How to optimize Twitter for indie game marketing
Say for the sake of argument, you’re an indie game company about to crack into the next phase of your development pipeline. You’ve been hitting milestones dead center, you’re on your beta, you’re planning your tour of the big conventions and everything in between. Now, maybe you have a publisher like Akupara Games that’s going to handle this stuff for you. But maybe you’re going it alone, ready to brave the big, bad indie game marketplace and make your mark.
You’re going to want to make a Twitter account.
Now, you’re going to want Facebook, Instagram, a subreddit and everything else, and I’ll be covering those pieces of the social media-sphere in future blogs. But for now, let’s focus on the 280 character behemoth that is Twitter. Of all our social media presences, Twitter is by far the most engaged and active. We post daily updates to the account, which is more than any other social media site (except the company Discord, but let’s compartmentalise that kind of IM service for now.) But more importantly, the translation from views to clicks to engagements for Twitter makes it much stronger than our other platforms. The secret to that success? Variety.

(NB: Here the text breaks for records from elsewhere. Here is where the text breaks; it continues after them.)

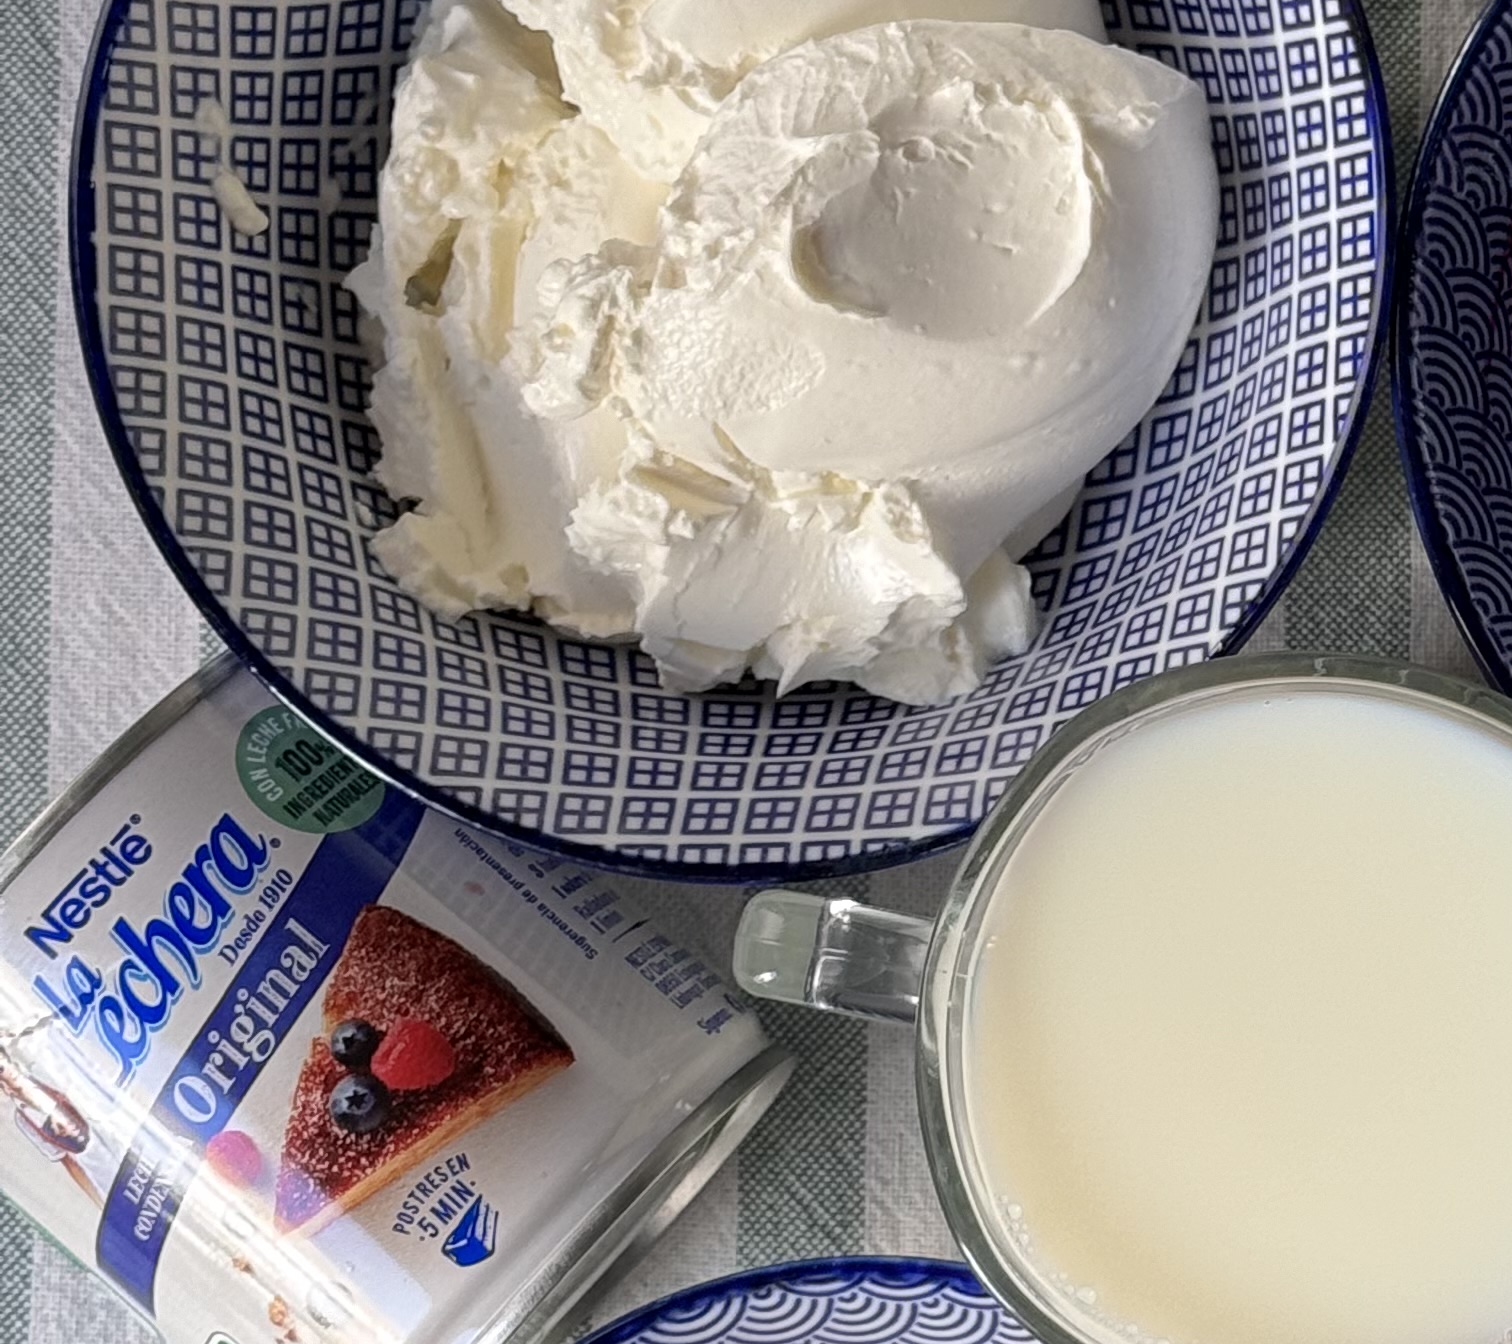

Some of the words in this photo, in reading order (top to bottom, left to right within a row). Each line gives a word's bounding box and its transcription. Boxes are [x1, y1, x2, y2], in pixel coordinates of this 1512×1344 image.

[247, 717, 285, 763] LECHE
[275, 739, 336, 783] 100%
[249, 770, 284, 802] CON
[282, 755, 361, 821] INGREDIENT
[454, 828, 524, 890] presentación
[24, 823, 153, 960] Nestlé
[218, 909, 266, 967] Desde
[259, 869, 293, 912] 1910
[522, 887, 538, 904] de
[537, 901, 598, 960] Sugerencia
[32, 956, 102, 1032] La
[174, 917, 330, 1123] Original
[123, 1157, 157, 1205] LECH
[392, 1166, 449, 1235] POSTRES
[445, 1153, 471, 1176] EN

Over the past few years, we have seen Twitter as a marketing platform transform into a wide variety of different contexts. In my experience, those contexts are: specific advertising, abstract branding, and unrelated meming. You might read advice from other blogs to focus your account on one of those contexts at the exclusion of the other, but I don’t like zero sum games. Let’s run the table. Instead, let’s do all of them together. Starting with the most straightforward.
Advertising
The Home Depot’s Twitter account posts sales, specific services and highlights products. In short, they use Twitter to advertise. Now, this might seem obvious but I want to lay it out piece by piece. Posting ads on your Twitter page is the way that your page translates into sales. You advertise something, your audience clicks the ad, buys the product, transaction completed. Here’s the problem, though. If you’re just starting out your development process, even if you have other games to market, those ads get old pretty quick. People have seen you tell them to buy your game. They’ll see it a ton more. You either post once every few weeks so as not to blow up their feed with “buy my game” or you post “buy my game” every day and people unfollow you for the spam. Home Depot can get away with it since they’re selling eight hundred thousand different products. Indie devs like us can’t. In other words, it’s absolutely imperative to post ads in order to transition your Twitter presence into sales, but flooding the market with them will drive away followers, causing people not to pay attention to you.
Branding
OK, but let’s say you’re not Home Depot. There are plenty of niche products on Twitter that fill their feeds with something. What could that be? Well, Cheerios (I’m being so serious here) is actually a great example. It’s one product. Not only that, it’s one product that most people will buy on a regular trip to the grocery store, not in an online sale. If Cheerios has a Twitter, what does it do all day? The answer is branding. Cheerios will create content for Twitter, content entirely unrelated to their product, and post it. The goal is to create a brand identity and association. For Cheerios, it’s wholesome, family oriented content. Songs about teaching kids kindness and to share, Charity drives, and image captured from classic children’s cartoons. Cheerios finds and creates content about their brand and the things that they’d like to people to associate with it and posts that content to Twitter. Not to get meta about it, but I tweeted this article out. I’m not looking to make a sale by posting this, I’m looking to help indie devs get a crash course in marketing on Twitter. But tweeting about it creates a brand, that Akupara Games wants to help indie devs thrive. Finding the right products to associate yourself with, creating the content that helps people remember you? That’s branding. Just as a note: the very best branding tool that I’ve found is fan art. Find it. Post it. Credit the artists. It’s the gift that keeps on giving.
Memes
Alright, let’s be real. The minute I started talking about Cheerios and Home Depot, you knew were going to end up here. Memes. It’s something that’s been infecting official Twitters for a while now, whether it’s Wendy’s roasting folks or Discord oblivious to its own functionality. Advertising translates your Twitter following into sales. Branding helps create positive associations with your product. Memes are all about attention. When something is funny or witty or clever, that retweet button and that like button gets hit. But, crucially, the engagement that comes from it comes from people that don’t engage in your Twitter in other ways. Put another way, memes capture an audience that branding and advertising don’t hit. They’re not interested in buying something, they’re not interested in your other content, they’re just interested in scrolling through their feed and retweeting things that make them giggle. And when they do, you’re getting new eyeballs on your timeline, profile, ads and branding.
Variety
The secret to using Twitter effectively as an indie game dev studio is all three. There are going to be times when you’re pushing sales or wishlist campaigns and you’ll need to build up ads for that. There are going to be times when you have fan art to feature or a cool partnership that you want your audience to know about. You’ll need branding for that. And there are going to be times when you have absolutely nothing at all to post, so you look at what’s trending and write a meme about it. And the reason this worksis breadth. Your ads are going to hit one audience, branding another, memes a third. That’s perfect. It widens the scope of your engagement and grows your audience in natural, organic ways.